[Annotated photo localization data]

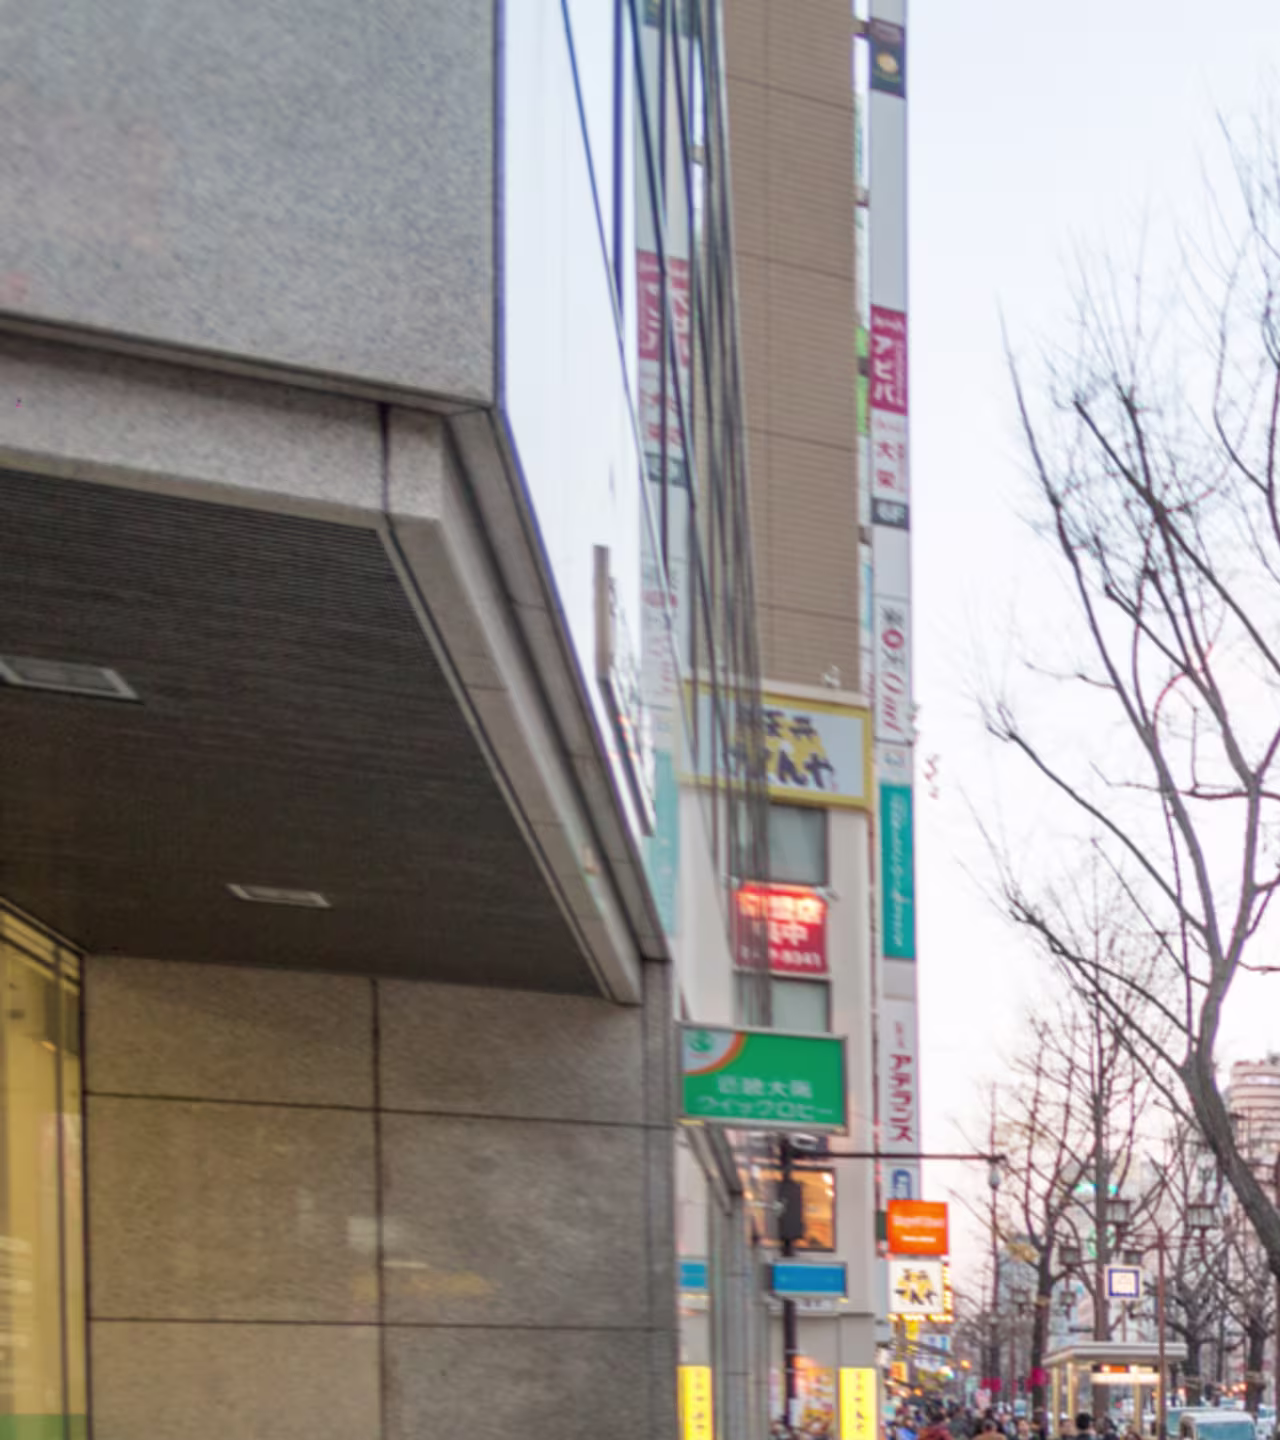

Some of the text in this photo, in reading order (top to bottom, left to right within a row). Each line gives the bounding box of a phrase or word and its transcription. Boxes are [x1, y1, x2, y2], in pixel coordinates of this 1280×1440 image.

[695, 1094, 834, 1121] クイックロビー
[889, 1053, 913, 1143] アデランス
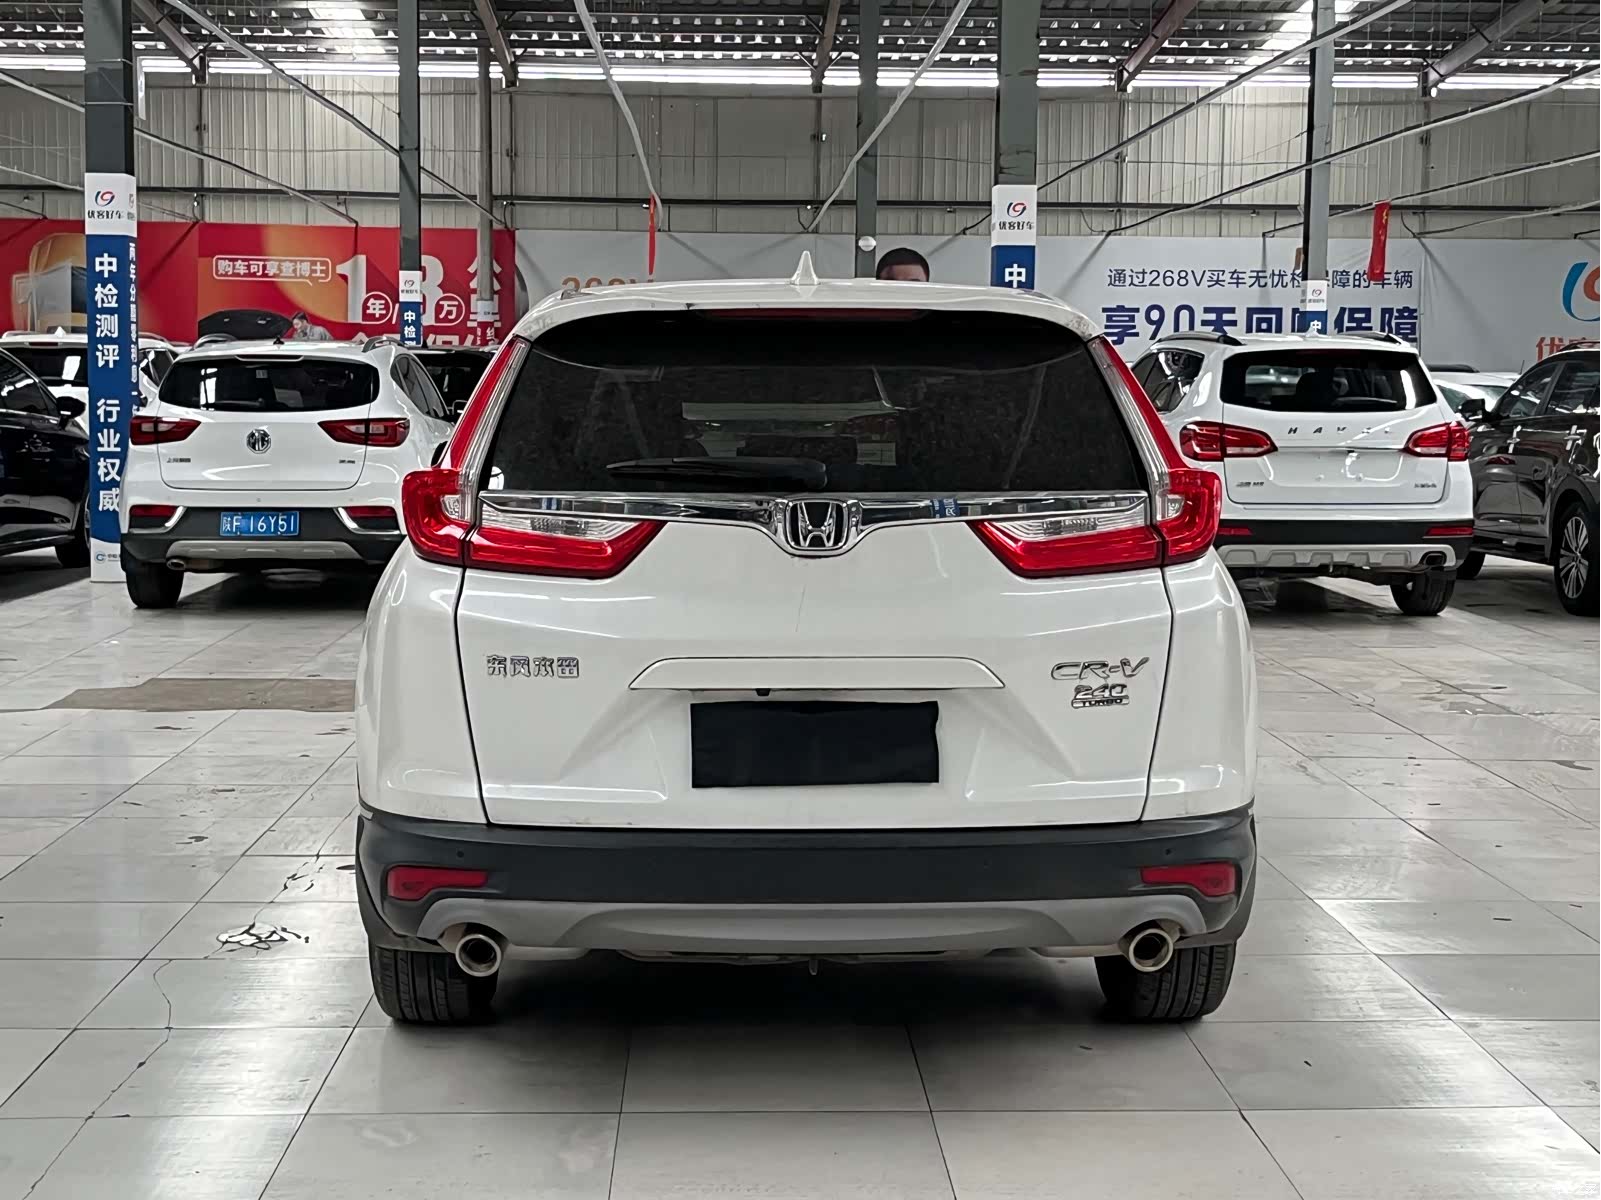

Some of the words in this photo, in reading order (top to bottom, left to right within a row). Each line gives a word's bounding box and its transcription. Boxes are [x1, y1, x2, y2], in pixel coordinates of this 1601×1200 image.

[217, 260, 327, 277] 购车可享查博士
[1005, 263, 1026, 289] 中
[1107, 269, 1414, 289] 通过268V买车无忧检障的车辆
[95, 253, 120, 369] 中检测评
[97, 398, 121, 512] 行业权威
[1051, 657, 1150, 681] CR-V
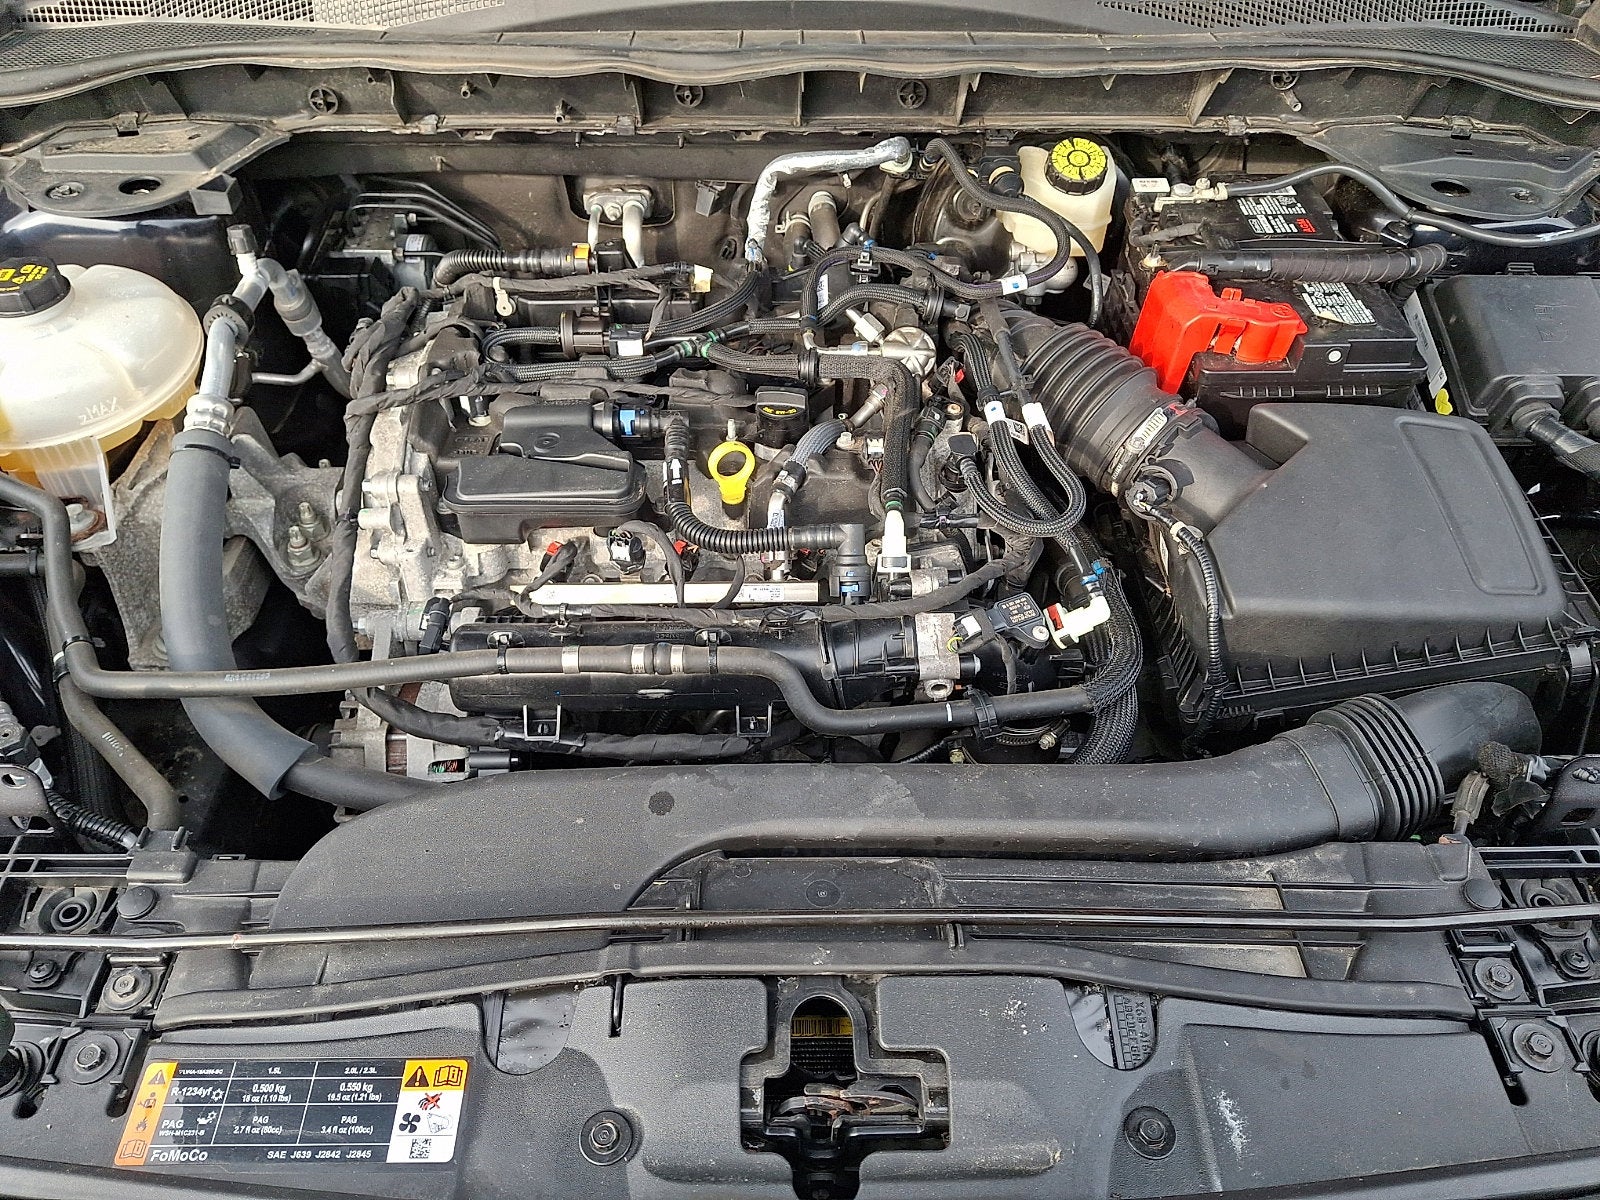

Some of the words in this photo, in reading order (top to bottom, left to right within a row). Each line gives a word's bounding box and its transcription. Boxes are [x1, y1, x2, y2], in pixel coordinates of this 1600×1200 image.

[170, 1087, 212, 1098] R-1234yf
[252, 1083, 274, 1093] 0.500
[275, 1083, 286, 1094] kg
[340, 1082, 362, 1092] 0.550
[362, 1082, 374, 1093] kg
[278, 1094, 291, 1104] lbs)
[327, 1093, 342, 1102] 19.5
[342, 1094, 352, 1102] oz
[350, 1093, 368, 1102] (1.21
[368, 1093, 382, 1102] lbs)
[161, 1119, 184, 1129] PAG
[252, 1116, 269, 1124] PAG
[340, 1115, 358, 1124] PAG
[233, 1126, 245, 1134] 2.7
[320, 1125, 332, 1134] 3.4
[348, 1125, 374, 1135] (100cc)
[149, 1149, 209, 1162] FoMoCo
[267, 1150, 286, 1159] SAE
[290, 1150, 311, 1159] J639
[314, 1150, 341, 1159] J2842
[345, 1150, 372, 1159] J2845

What is expected
Without the pictures, give back the entries exactly.

Output for this task
Some of the text in this photo, in reading order (top to bottom, left to right within a row). Each line gives the bounding box of a phrase or word and its transcription. Boxes are [x1, y1, x2, y2], in pixel coordinates of this 1280×1440 image.

[695, 1094, 834, 1121] クイックロビー
[889, 1053, 913, 1143] アデランス

Some of the words in this photo, in reading order (top to bottom, left to right within a row). Each line gives a word's bounding box and its transcription. Boxes are [x1, y1, x2, y2], in pixel coordinates of this 1601×1200 image.

[217, 260, 327, 277] 购车可享查博士
[1005, 263, 1026, 289] 中
[1107, 269, 1414, 289] 通过268V买车无忧检障的车辆
[95, 253, 120, 369] 中检测评
[97, 398, 121, 512] 行业权威
[1051, 657, 1150, 681] CR-V

Some of the words in this photo, in reading order (top to bottom, left to right within a row). Each line gives a word's bounding box and its transcription. Boxes are [x1, y1, x2, y2], in pixel coordinates of this 1600×1200 image.

[170, 1087, 212, 1098] R-1234yf
[252, 1083, 274, 1093] 0.500
[275, 1083, 286, 1094] kg
[340, 1082, 362, 1092] 0.550
[362, 1082, 374, 1093] kg
[278, 1094, 291, 1104] lbs)
[327, 1093, 342, 1102] 19.5
[342, 1094, 352, 1102] oz
[350, 1093, 368, 1102] (1.21
[368, 1093, 382, 1102] lbs)
[161, 1119, 184, 1129] PAG
[252, 1116, 269, 1124] PAG
[340, 1115, 358, 1124] PAG
[233, 1126, 245, 1134] 2.7
[320, 1125, 332, 1134] 3.4
[348, 1125, 374, 1135] (100cc)
[149, 1149, 209, 1162] FoMoCo
[267, 1150, 286, 1159] SAE
[290, 1150, 311, 1159] J639
[314, 1150, 341, 1159] J2842
[345, 1150, 372, 1159] J2845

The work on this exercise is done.